Ice on Haverstraw Bay

By Johna Till Johnson

The plan had evolved, as plans sometimes do.

Originally it was supposed to be a 4-day camping trip over the Thanksgiving holiday. But the polar vortex and its single-digit temperatures, plus a lack of preparation, put the kibash on that idea.

Instead: A Saturday paddle launching from Croton Point headed to parts north. (Ultimately, that turned out to be the Cortlandt Yacht Club just south of Verplanck, but that’s getting ahead of the story.)

Looking south from George’s Island

Early in the morning, I drove out to the George’s Island State Park boat ramp and took some photos. Then it was south to Croton Point, which has a lovely little launching beach designed specifically for human-powered boats.

Launching from Croton Point

Launch time was 12:15 PM. I meandered up the east side, poking into every nook and cranny. The current was nominally flooding, but flood that far north is fairly weak.

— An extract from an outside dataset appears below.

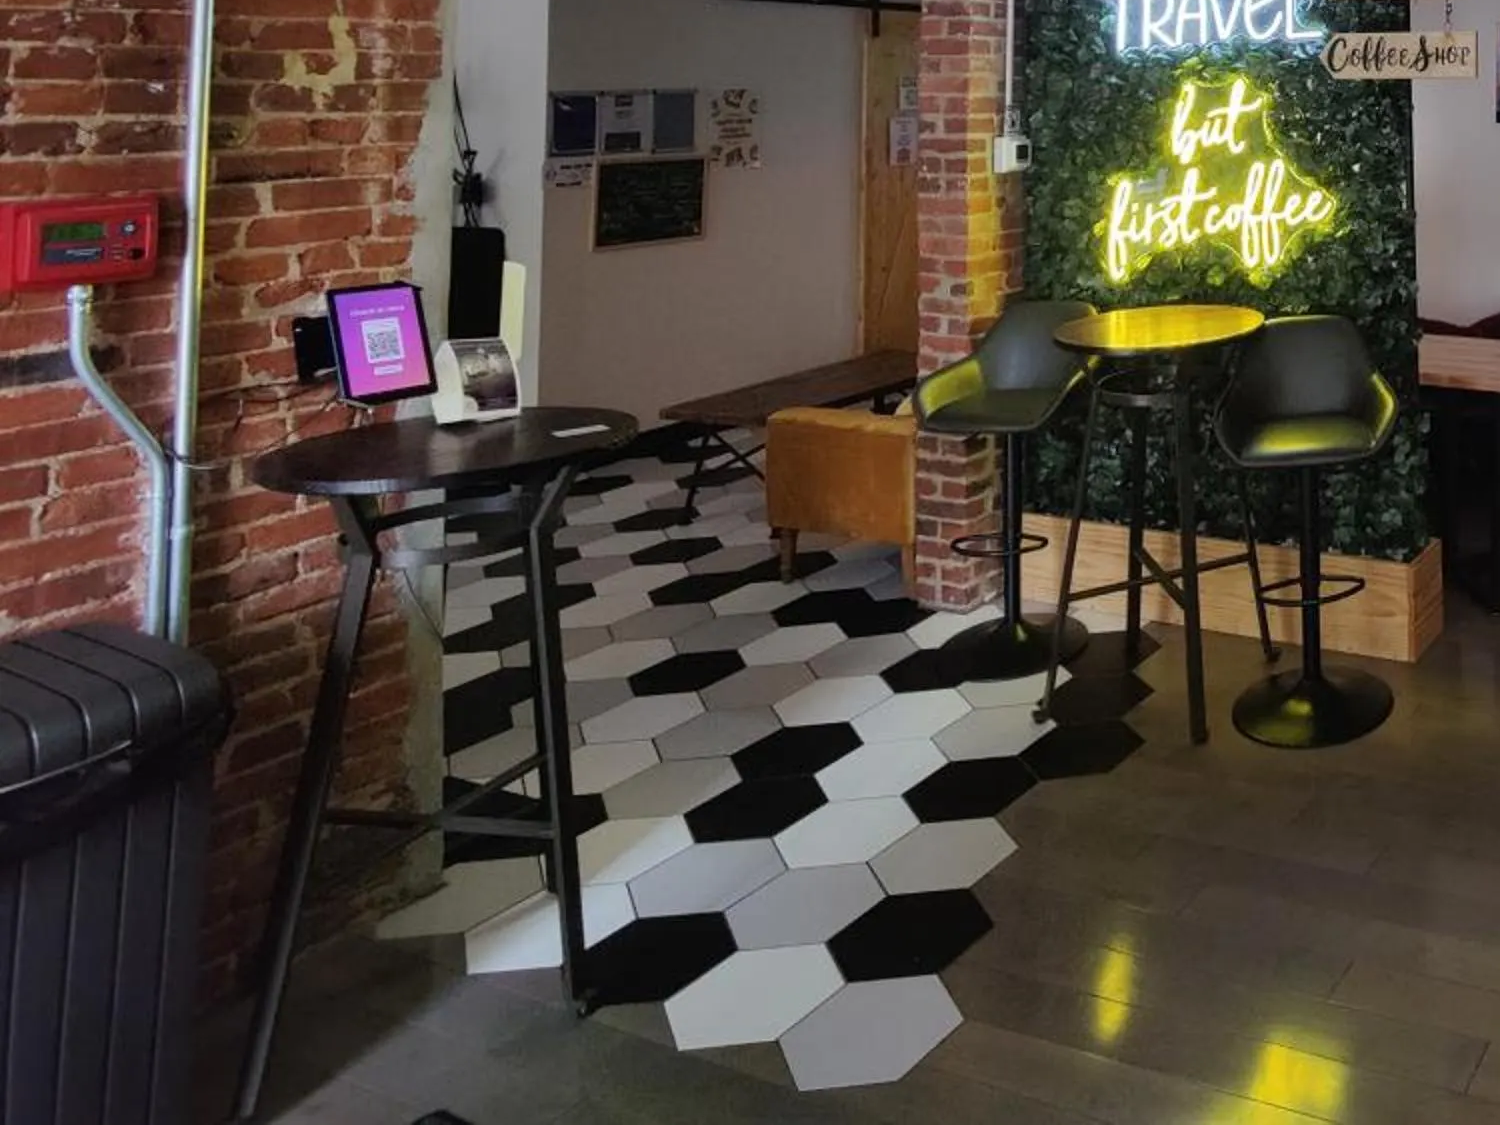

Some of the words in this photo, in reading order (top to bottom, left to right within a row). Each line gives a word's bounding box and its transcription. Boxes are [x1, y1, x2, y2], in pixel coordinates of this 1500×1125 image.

By the George’s Island boat ramp, it was definitely turning to ebb, but I pressed on, curious to see what lay beyond. The chart indicated some sort of marina. And you couldn’t really tell, but it seemed possible to go under a bridge into an inland body of water.

Reeds and red berries

After the long curve of Montrose point, there it was: a complex maze of boats and sea walls, which I later discovered was Cortlandt Yacht Club, Hudson Valley Marine, and Viking Boat Yard. Disappointingly, there was no navigable route to the inland waterway; although there was a low tunnel under the road through which I could glimpse daylight, the sound and sight of roaring water just beyond made me give up any thought of entering it. So I decided instead to have some snacks in preparation for my trip back.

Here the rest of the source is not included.